Extracted material:
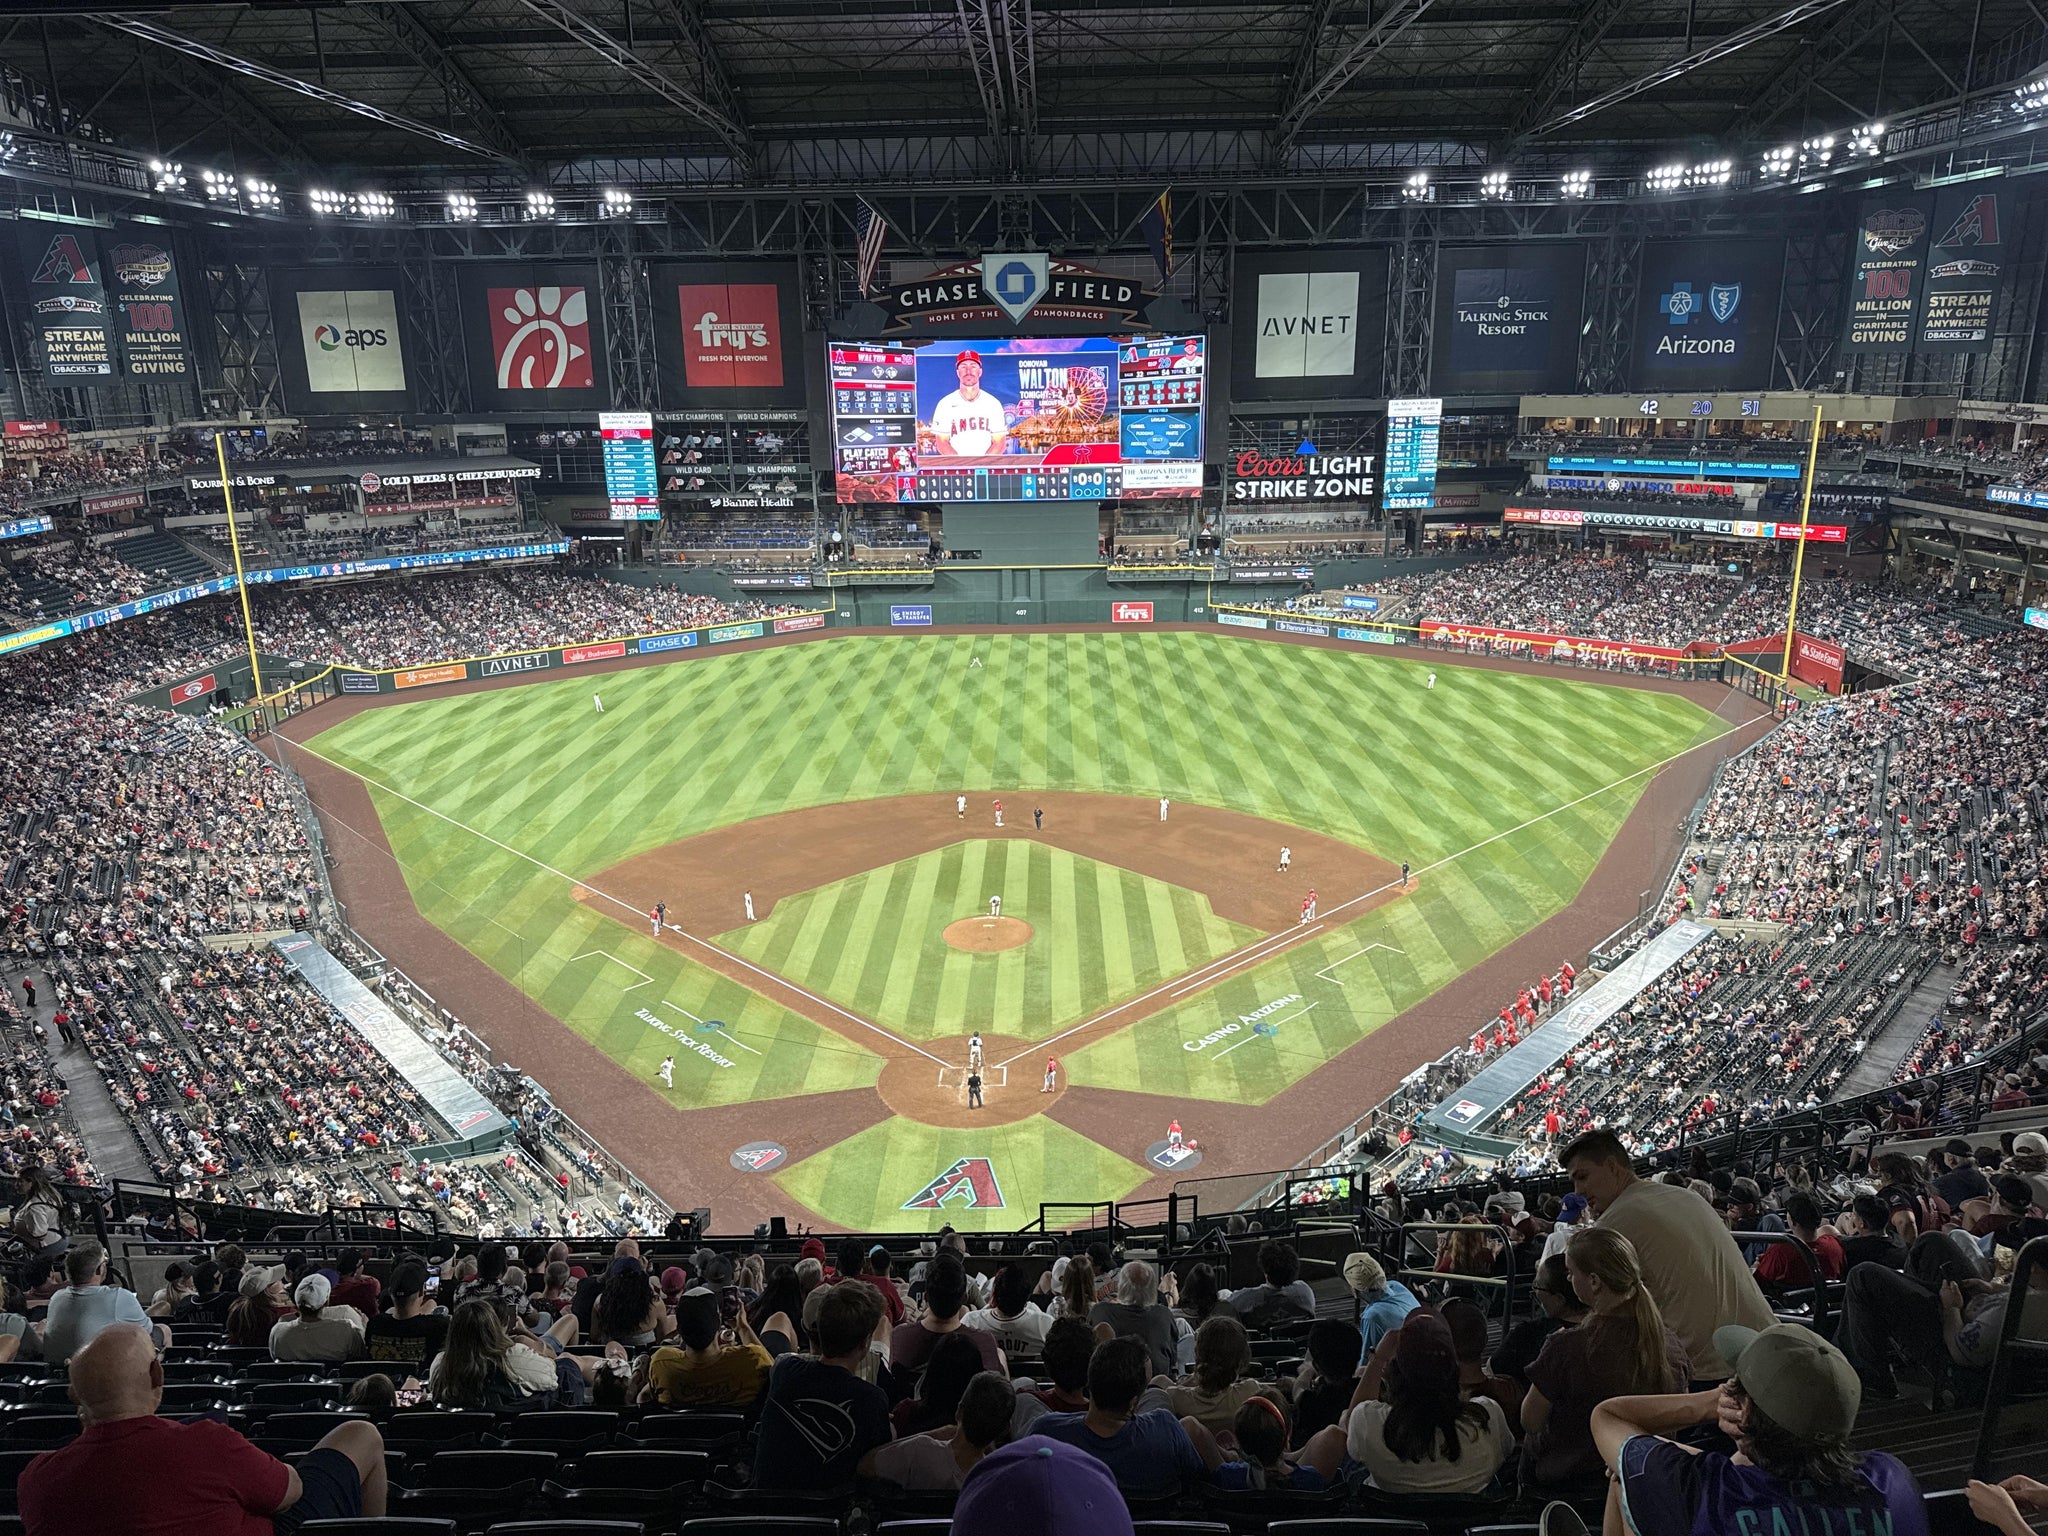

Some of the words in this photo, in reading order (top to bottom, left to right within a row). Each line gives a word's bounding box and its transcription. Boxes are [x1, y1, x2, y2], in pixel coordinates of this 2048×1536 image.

[1862, 260, 1918, 268] CELEBRATING
[1858, 270, 1911, 298] $100
[900, 283, 977, 306] CHASE
[1055, 282, 1132, 302] FIELD
[1856, 300, 1912, 311] MILLION
[1929, 295, 1992, 307] STREAM
[119, 304, 174, 330] $100
[930, 312, 959, 322] HOME
[963, 312, 976, 320] OF
[1034, 310, 1104, 320] DIAMONDBACKS
[1458, 308, 1510, 322] TALKING
[1514, 308, 1548, 322] STICK
[1928, 309, 1953, 318] ANY
[1956, 308, 1988, 316] GAME
[1263, 315, 1350, 337] AVNET
[1926, 319, 1987, 328] ANYWHERE
[694, 312, 770, 350] fry's
[1478, 324, 1526, 336] RESORT
[44, 331, 104, 342] STREAM
[126, 333, 180, 343] MILLION
[344, 328, 387, 350] aps
[1852, 331, 1906, 342] GIVING
[1656, 334, 1735, 354] Arizona
[858, 354, 886, 362] WALTON
[1149, 348, 1170, 356] KELLY
[132, 362, 186, 374] GIVING
[1019, 368, 1068, 389] WALTON
[1020, 391, 1051, 400] TONIGHT:
[1640, 400, 1658, 414] 42
[1690, 401, 1712, 415] 20
[1741, 400, 1760, 416] 51
[19, 423, 47, 431] Honeywell
[844, 448, 862, 458] PLAY
[865, 448, 888, 456] CATCH
[1236, 450, 1305, 476] Coors
[1310, 456, 1375, 474] LIGHT
[236, 476, 246, 486] &
[247, 476, 275, 484] BONES
[383, 476, 410, 486] COLD
[413, 474, 446, 484] BEERS
[448, 474, 454, 482] &
[456, 468, 541, 481] CHEESEBURGERS
[1026, 477, 1032, 485] 5
[1078, 473, 1088, 486] 0
[1093, 473, 1102, 486] 0
[1235, 480, 1307, 498] STRIKE
[1314, 478, 1374, 496] ZONE
[1548, 478, 1606, 489] ESTRELLA
[1624, 480, 1672, 492] JALISCO
[1676, 482, 1734, 495] CANTINA
[1991, 490, 2007, 500] 8:04
[2008, 491, 2019, 502] PM
[410, 502, 444, 510] Neighborhood
[722, 498, 760, 507] Banner
[761, 498, 794, 507] Health
[1390, 498, 1428, 508] $20,934
[356, 564, 390, 572] THOMPSON
[1116, 605, 1148, 620] fry's
[1286, 624, 1306, 632] Banner
[1307, 626, 1325, 634] Health
[644, 636, 673, 648] CHASE
[1344, 630, 1362, 640] COX
[1368, 632, 1388, 642] COX
[1457, 628, 1532, 650] StatFarm
[588, 649, 619, 658] Budweiser
[490, 656, 541, 672] AVNET
[418, 672, 436, 680] Dignity
[1182, 1023, 1242, 1052] CASINO
[1238, 994, 1303, 1026] ARIZONA
[634, 1008, 673, 1033] TALKING
[668, 1030, 698, 1049] STICK
[694, 1043, 736, 1068] RESORT
[998, 1339, 1028, 1352] ROUT

Assigned task:
Please output the material as written, apart from the images.

Problem solution:
Some of the words in this photo, in reading order (top to bottom, left to right within a row). Each line gives a word's bounding box and its transcription. Boxes are [x1, y1, x2, y2], in pixel coordinates of this 2048×1536 image.

[1862, 260, 1918, 268] CELEBRATING
[1858, 270, 1911, 298] $100
[900, 283, 977, 306] CHASE
[1055, 282, 1132, 302] FIELD
[1856, 300, 1912, 311] MILLION
[1929, 295, 1992, 307] STREAM
[119, 304, 174, 330] $100
[930, 312, 959, 322] HOME
[963, 312, 976, 320] OF
[1034, 310, 1104, 320] DIAMONDBACKS
[1458, 308, 1510, 322] TALKING
[1514, 308, 1548, 322] STICK
[1928, 309, 1953, 318] ANY
[1956, 308, 1988, 316] GAME
[1263, 315, 1350, 337] AVNET
[1926, 319, 1987, 328] ANYWHERE
[694, 312, 770, 350] fry's
[1478, 324, 1526, 336] RESORT
[44, 331, 104, 342] STREAM
[126, 333, 180, 343] MILLION
[344, 328, 387, 350] aps
[1852, 331, 1906, 342] GIVING
[1656, 334, 1735, 354] Arizona
[858, 354, 886, 362] WALTON
[1149, 348, 1170, 356] KELLY
[132, 362, 186, 374] GIVING
[1019, 368, 1068, 389] WALTON
[1020, 391, 1051, 400] TONIGHT:
[1640, 400, 1658, 414] 42
[1690, 401, 1712, 415] 20
[1741, 400, 1760, 416] 51
[19, 423, 47, 431] Honeywell
[844, 448, 862, 458] PLAY
[865, 448, 888, 456] CATCH
[1236, 450, 1305, 476] Coors
[1310, 456, 1375, 474] LIGHT
[236, 476, 246, 486] &
[247, 476, 275, 484] BONES
[383, 476, 410, 486] COLD
[413, 474, 446, 484] BEERS
[448, 474, 454, 482] &
[456, 468, 541, 481] CHEESEBURGERS
[1026, 477, 1032, 485] 5
[1078, 473, 1088, 486] 0
[1093, 473, 1102, 486] 0
[1235, 480, 1307, 498] STRIKE
[1314, 478, 1374, 496] ZONE
[1548, 478, 1606, 489] ESTRELLA
[1624, 480, 1672, 492] JALISCO
[1676, 482, 1734, 495] CANTINA
[1991, 490, 2007, 500] 8:04
[2008, 491, 2019, 502] PM
[410, 502, 444, 510] Neighborhood
[722, 498, 760, 507] Banner
[761, 498, 794, 507] Health
[1390, 498, 1428, 508] $20,934
[356, 564, 390, 572] THOMPSON
[1116, 605, 1148, 620] fry's
[1286, 624, 1306, 632] Banner
[1307, 626, 1325, 634] Health
[644, 636, 673, 648] CHASE
[1344, 630, 1362, 640] COX
[1368, 632, 1388, 642] COX
[1457, 628, 1532, 650] StatFarm
[588, 649, 619, 658] Budweiser
[490, 656, 541, 672] AVNET
[418, 672, 436, 680] Dignity
[1182, 1023, 1242, 1052] CASINO
[1238, 994, 1303, 1026] ARIZONA
[634, 1008, 673, 1033] TALKING
[668, 1030, 698, 1049] STICK
[694, 1043, 736, 1068] RESORT
[998, 1339, 1028, 1352] ROUT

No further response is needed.